Group B streptococcal pneumonia



Overview of Group B Streptococcal Pneumonia

Group B streptococcal pneumonia refers to pneumonia caused by group B streptococcal infection, which can occur in newborns either directly from the mother or as a result of upstream infection from maternal genital tract parasites during delivery. Group B streptococcal infections are rare in adults, predominantly in mothers, and in rare cases in immunocompromised individuals.

Etiology

The disease is caused by a pulmonary infection with group B streptococci, which can occur in newborns either directly from the mother or by upstream infection from maternal genital tract parasites during labor and delivery. Mothers and a small number of immunocompromised adults, such as patients with diabetes mellitus, chronic liver insufficiency, human immunodeficiency virus (HIV) infection, malignant tumors, and patients receiving immunosuppressive therapy may also become infected with group B streptococci, causing pneumonia.

Symptoms

Most patients have a rapid onset of symptoms, including fever, chills, weakness, cough and shortness of breath, and may have mucus, pus or rust-colored sputum, as well as signs of solid lung lesions, such as wet rales and turbid sounds on percussion.

Examination

1. Blood tests

In systemic infection, the blood white blood cell count may increase significantly up to (20-30)×109/L. In the elderly and immunocompromised patients, the increase of white blood cell count is not obvious.

2. Bacteriologic examination

Blood and respiratory secretions (e.g. sputum, bronchoalveolar lavage fluid, tissue biopsy specimens) are taken for bacterial culture, and group B streptococci can be seen.

3. Cerebrospinal fluid examination

The cerebrospinal fluid of patients with meningitis shows purulent changes, with the appearance of rice soup, protein often above 1g/L, and white blood cell count above 500×106/L.

4.X-ray examination

In X-ray examination, exudate or solid lesions are mostly confined to one or several lung segments in one lung lobe.

Diagnosis

Diagnosis can be made on the basis of clinical manifestations such as fever, chills, weakness, cough and shortness of breath, signs of solid lung lesions such as wet rales and turbid sounds on percussion on physical examination, and the combination of routine blood tests and X-ray findings.

Treatment

1. Antibacterial treatment

Antibacterial treatment should be started as early as possible.

(1) Penicillin aqueous, every 12h intramuscular injection, if shock can be changed to intravenous injection, or until the body temperature drops to normal after 72h to stop using the drug. Discontinuing the drug too early may lead to relapse.

(2) Cefthiophene intramuscularly or intravenously, effective but occasionally with penicillin cross-allergenic, it is advisable to use cefthiophene to do allergy test before using the drug.

(3) Cefazolin intramuscularly or intravenously.

(4) Erythromycin orally, erythromycin resistance is rare.

2. Supportive symptomatic therapy

(1) Bed rest, liquid diet, gradually change to semi-liquid diet or soft food after improvement.

(2) Replenish fluids and electrolytes.

(3) Shock patients should be given oxygen, supplement circulating blood volume, correct acidosis. In severe cases, 0.3% hydrogen peroxide can be injected intravenously, or phentolamine, scopolamine, atropine or isoprenaline can be titrated to improve microcirculation. Do not blindly give large amounts of antihypertensive drugs.

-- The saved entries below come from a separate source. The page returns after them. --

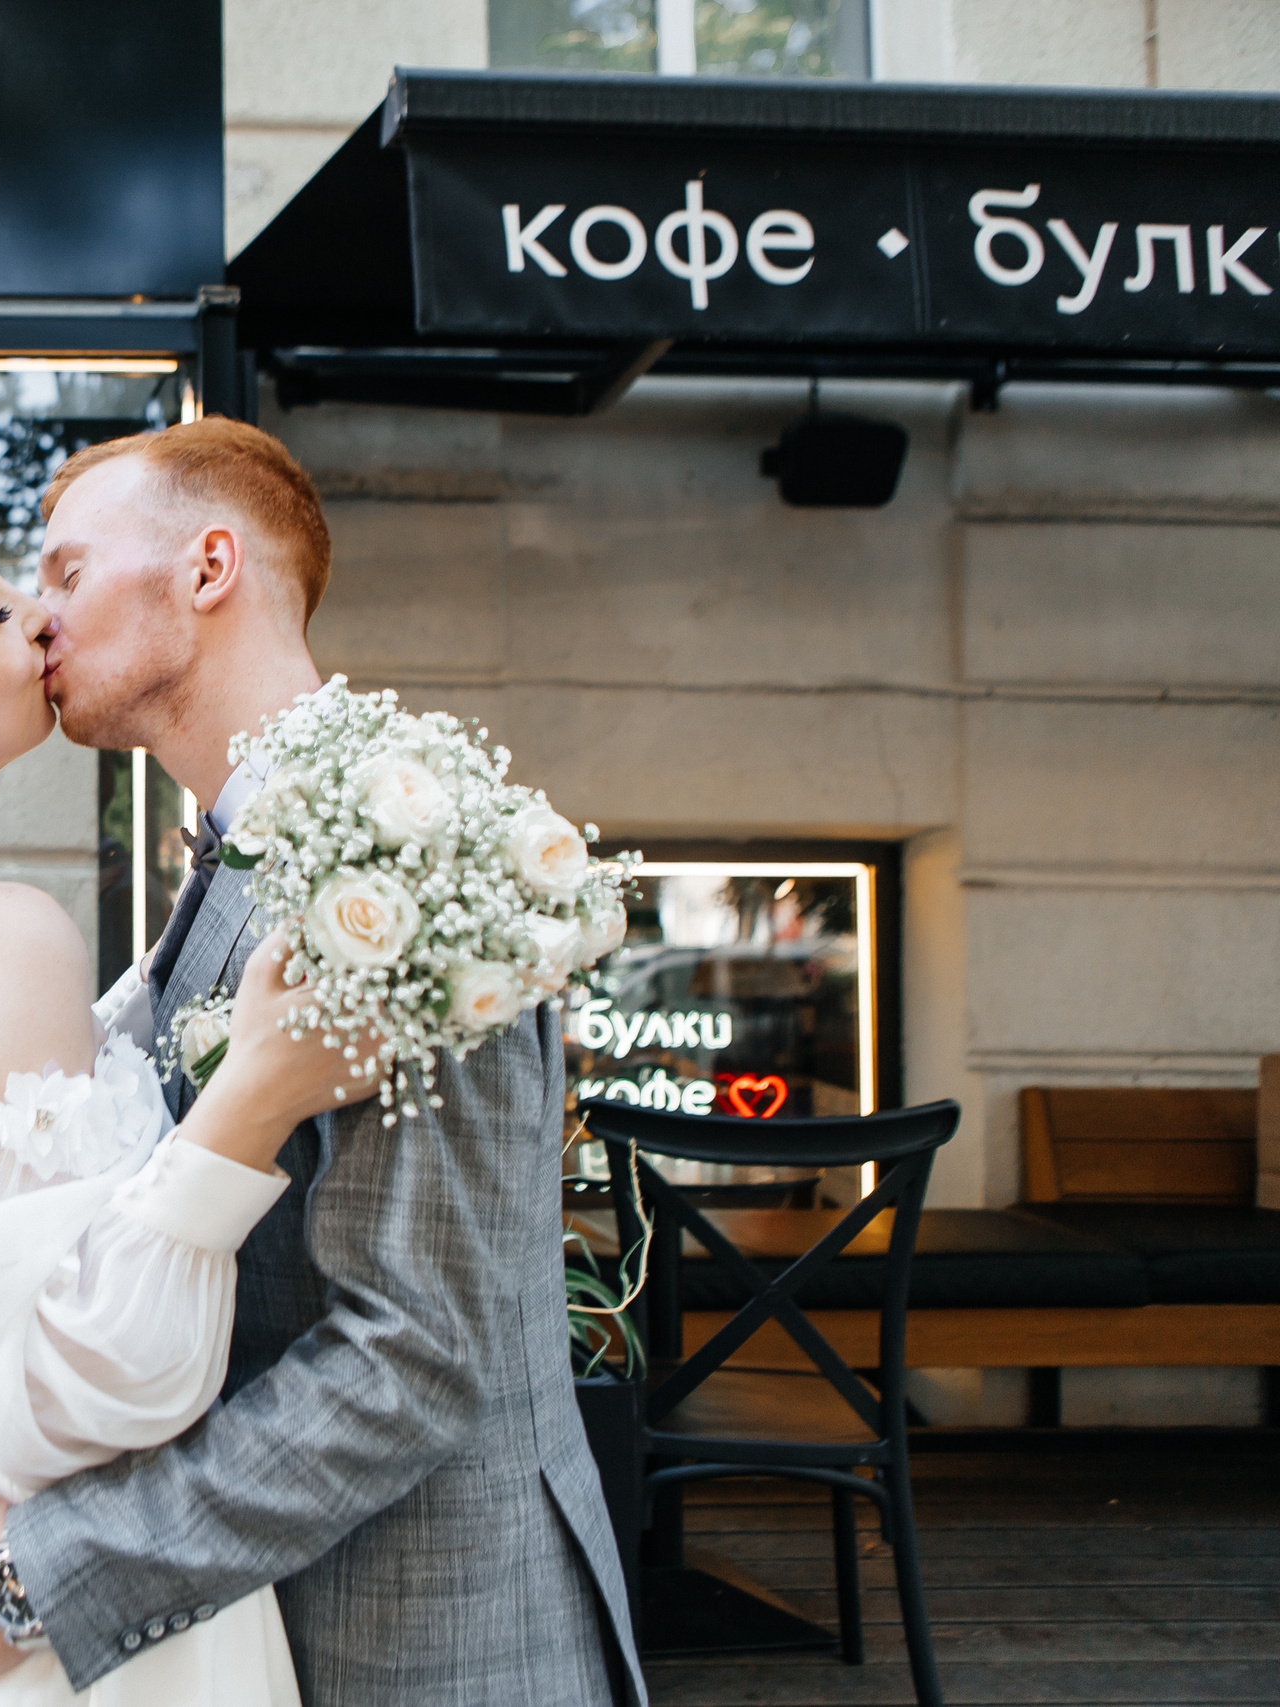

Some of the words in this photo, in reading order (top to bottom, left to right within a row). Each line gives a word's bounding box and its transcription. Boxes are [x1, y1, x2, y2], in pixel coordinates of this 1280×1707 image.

[502, 180, 815, 310] кофе
[969, 183, 1280, 315] булк
[578, 998, 733, 1059] булки
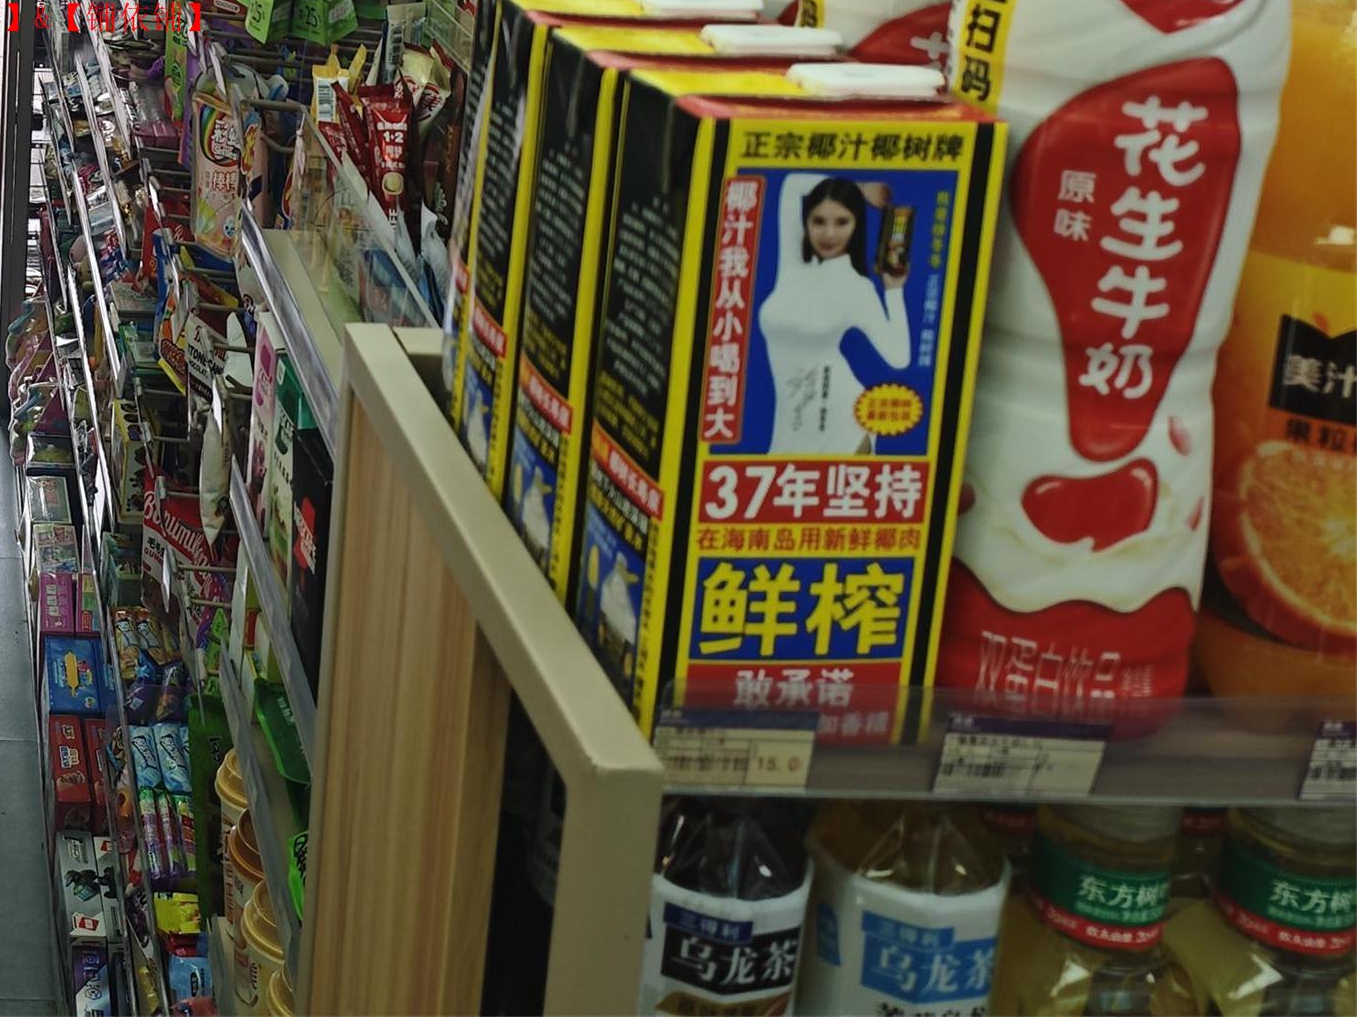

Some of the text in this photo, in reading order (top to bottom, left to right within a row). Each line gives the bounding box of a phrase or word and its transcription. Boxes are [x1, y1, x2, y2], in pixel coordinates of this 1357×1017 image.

[741, 131, 965, 161] 正宗椰汁椰树牌
[1052, 169, 1098, 242] 原味
[1078, 96, 1209, 400] 花生牛奶
[704, 179, 760, 441] 椰汁我从小喝到大
[704, 463, 923, 520] 37年坚持
[695, 527, 922, 552] 在海南岛用新鲜椰肉
[699, 561, 905, 657] 鲜榨
[670, 936, 799, 985] 乌龙茶

3. Treatment of underlying diseases

Patients with diabetes mellitus, chronic hepatic insufficiency, human immunodeficiency virus infection, malignant tumors, and those receiving immunosuppressive therapy should be treated aggressively for underlying diseases.

Prognosis

In the elderly and infants, the prognosis is poor if treatment is delayed.

Prevention

Reduce risk factors, such as smoking and alcohol abuse; strengthen physical exercise to enhance physical fitness.

Nursing care

1. Fever care

When the fever is high, bed rest should be provided to reduce oxygen consumption, physical cooling can be used, or medication should be applied to lower the temperature as prescribed by the doctor, intravenous replacement of water and salt lost due to fever, and temperature changes should be monitored and recorded.

2. Cough and sputum care

Encourage the patient to take deep breaths, assist in turning over and chest percussion, guide effective coughing, and promote sputum expectoration. If the sputum is thick and sticky, encourage the patient to drink more water, or give nebulized inhalation.